Repeat the data verbatim, images excluded.

[Collected data]

════════════════════

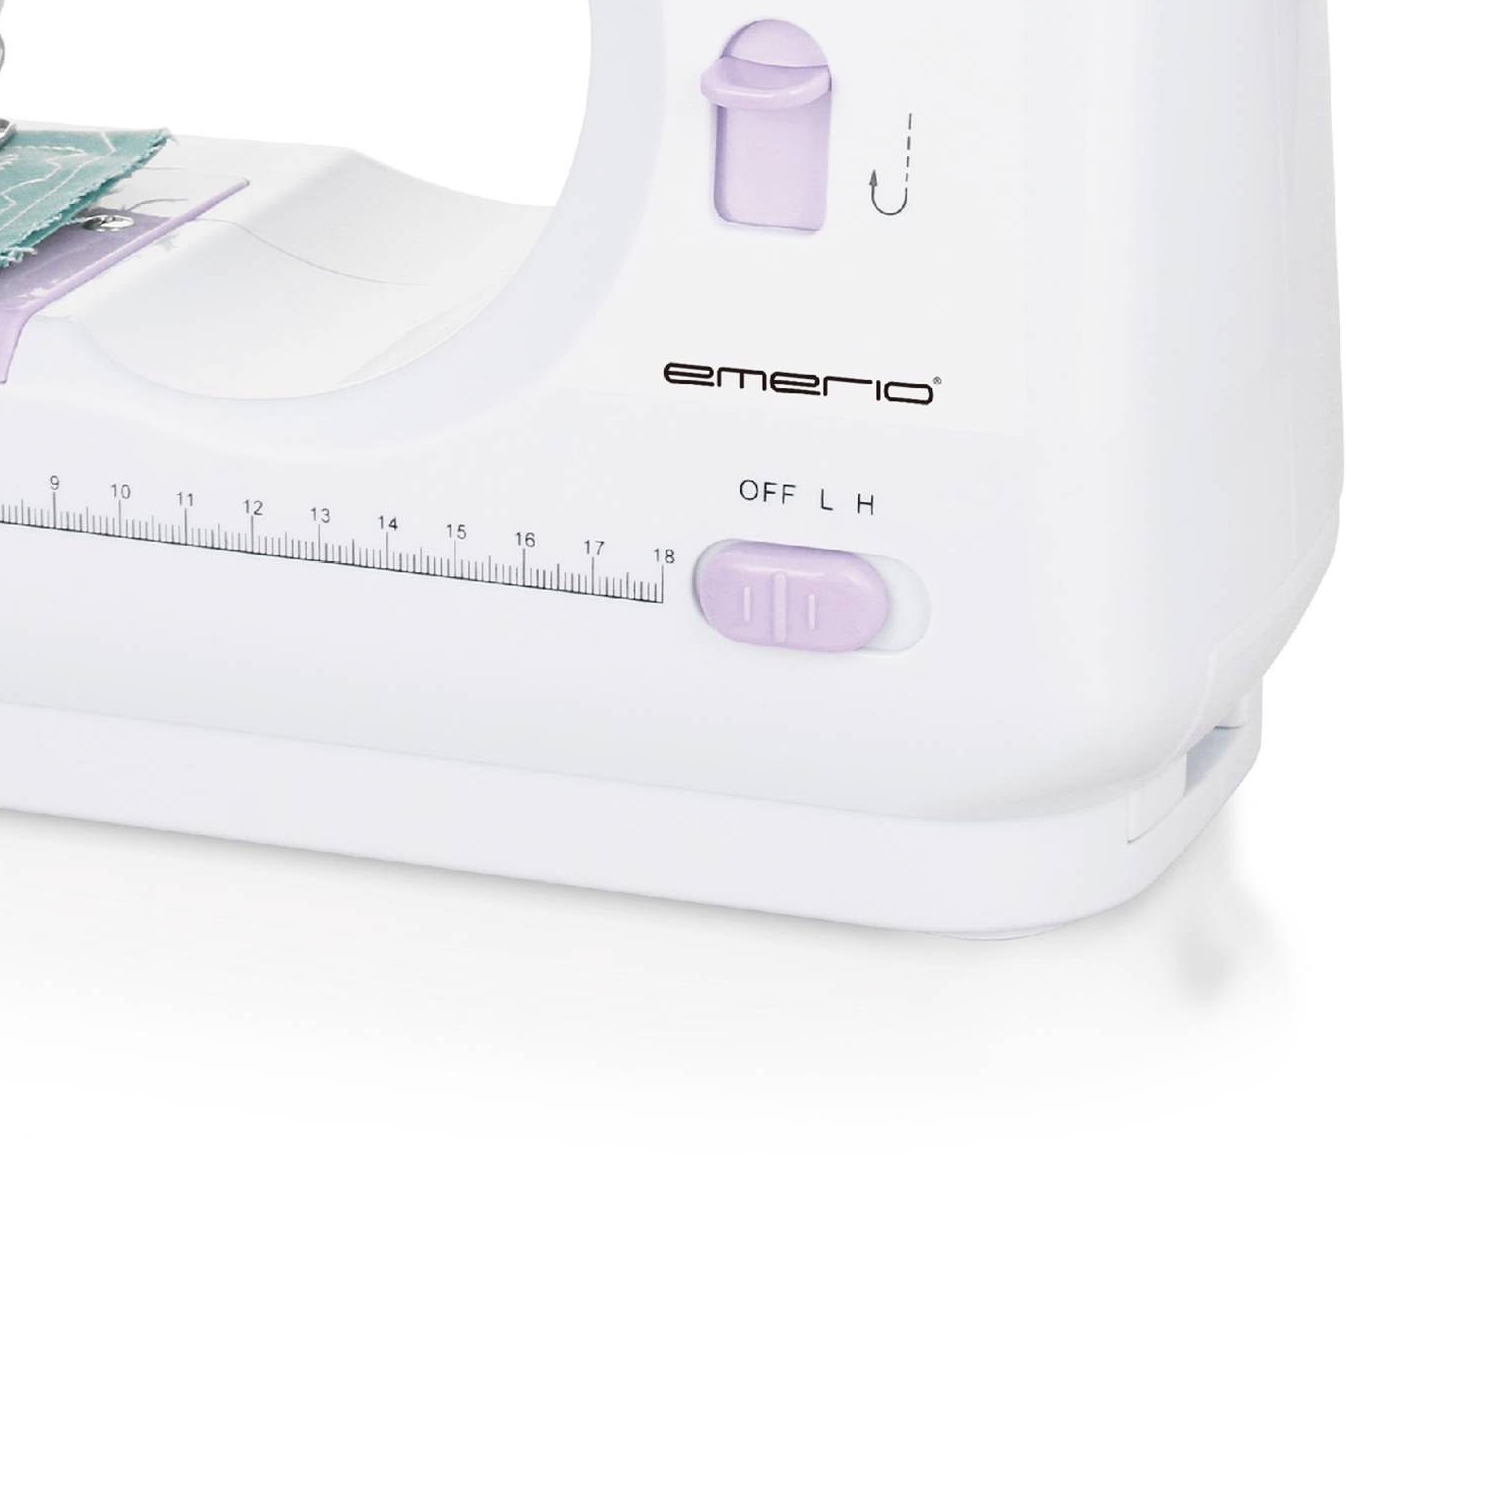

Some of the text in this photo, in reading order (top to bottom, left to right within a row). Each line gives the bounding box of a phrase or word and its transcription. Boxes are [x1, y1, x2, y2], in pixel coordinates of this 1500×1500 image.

[48, 475, 61, 492] 9
[110, 483, 131, 500] 10
[176, 491, 196, 507] 11
[242, 500, 264, 516] 12
[309, 507, 331, 524] 13
[376, 515, 399, 532] 14
[445, 523, 468, 541] 15
[514, 531, 536, 549] 16
[583, 539, 604, 557] 17
[653, 548, 675, 565] 18
[739, 479, 873, 515] OFF L H
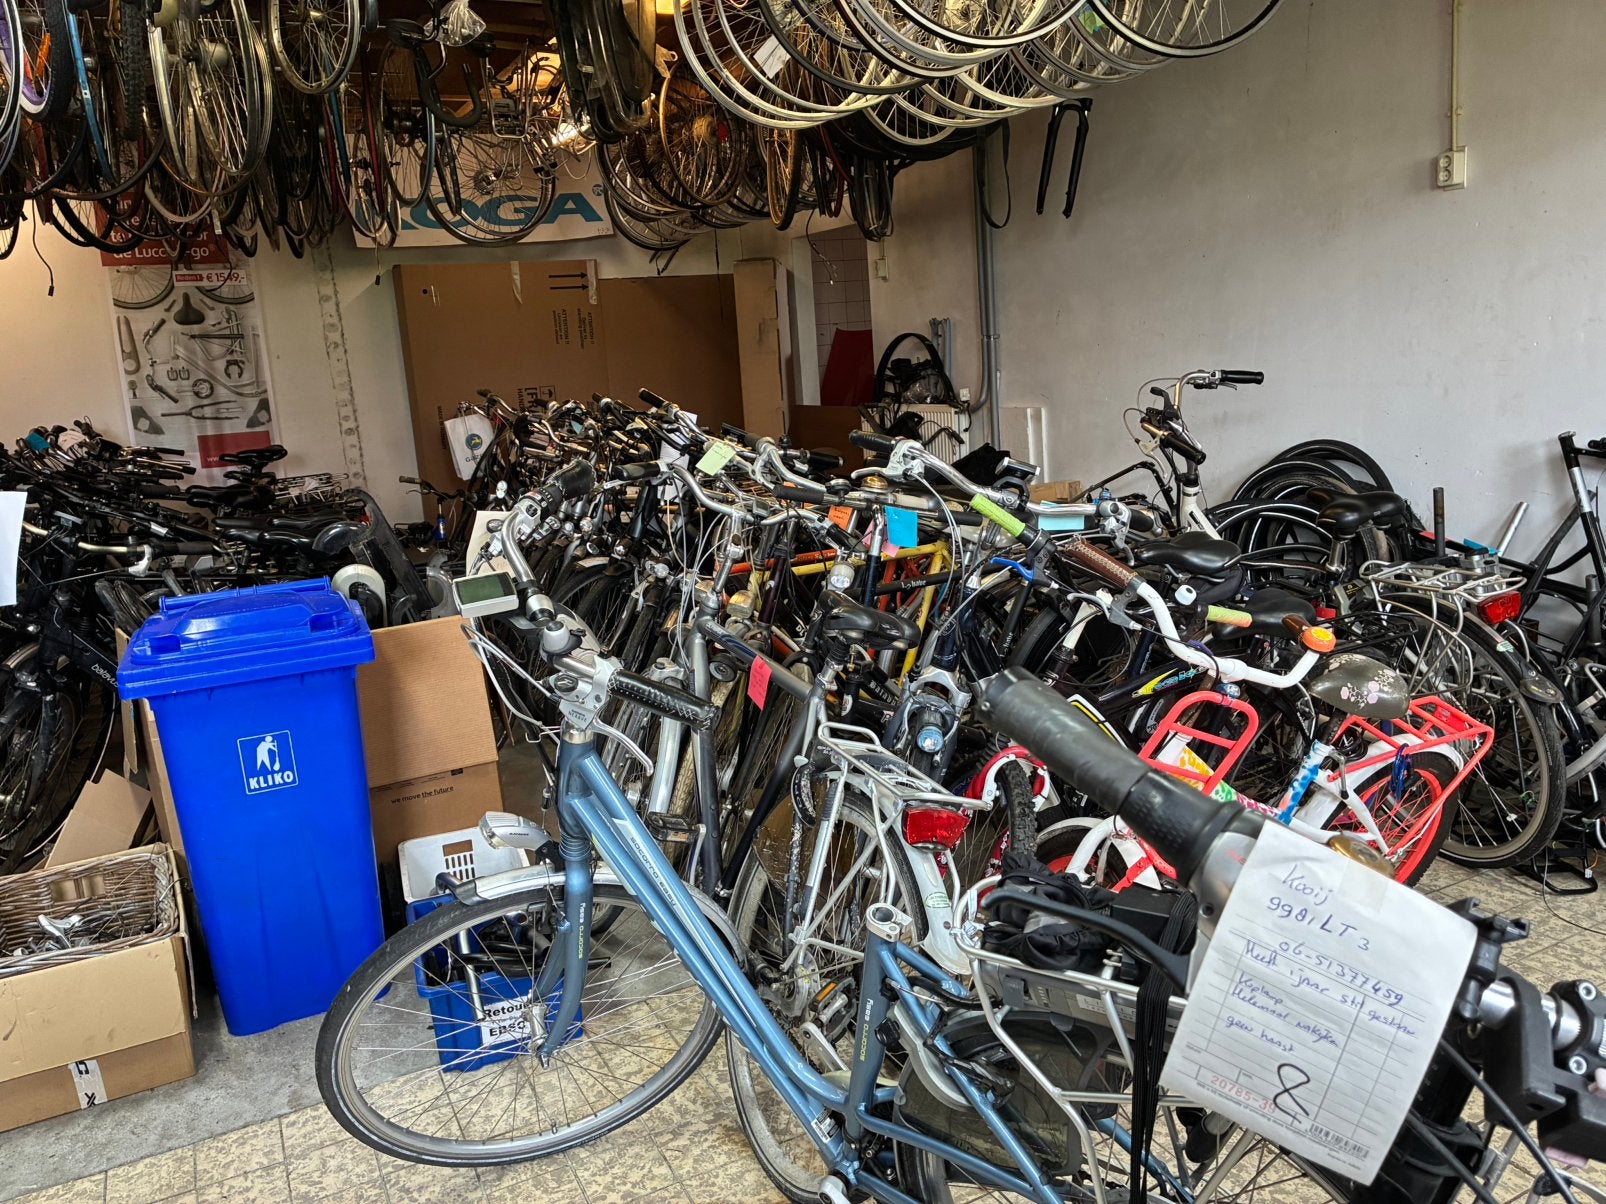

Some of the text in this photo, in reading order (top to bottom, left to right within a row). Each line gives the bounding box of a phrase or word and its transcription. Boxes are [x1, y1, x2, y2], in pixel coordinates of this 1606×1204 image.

[249, 771, 294, 790] KLIKO
[402, 794, 421, 802] move
[421, 790, 433, 799] the
[433, 786, 454, 796] future
[629, 836, 659, 879] socorro
[860, 998, 874, 1061] socorro easy

════════════════════

- _OUTPUT FOR THIS TASK_:
Some of the text in this photo, in reading order (top to bottom, left to right within a row). Each line gives the bounding box of a phrase or word and its transcription. Boxes are [x1, y1, x2, y2], in pixel coordinates of this 1500×1500 image.

[48, 475, 61, 492] 9
[110, 483, 131, 500] 10
[176, 491, 196, 507] 11
[242, 500, 264, 516] 12
[309, 507, 331, 524] 13
[376, 515, 399, 532] 14
[445, 523, 468, 541] 15
[514, 531, 536, 549] 16
[583, 539, 604, 557] 17
[653, 548, 675, 565] 18
[739, 479, 873, 515] OFF L H

Some of the text in this photo, in reading order (top to bottom, left to right within a row). Each line gives the bounding box of a phrase or word and its transcription. Boxes are [x1, y1, x2, y2], in pixel coordinates of this 1606×1204 image.

[249, 771, 294, 790] KLIKO
[402, 794, 421, 802] move
[421, 790, 433, 799] the
[433, 786, 454, 796] future
[629, 836, 659, 879] socorro
[860, 998, 874, 1061] socorro easy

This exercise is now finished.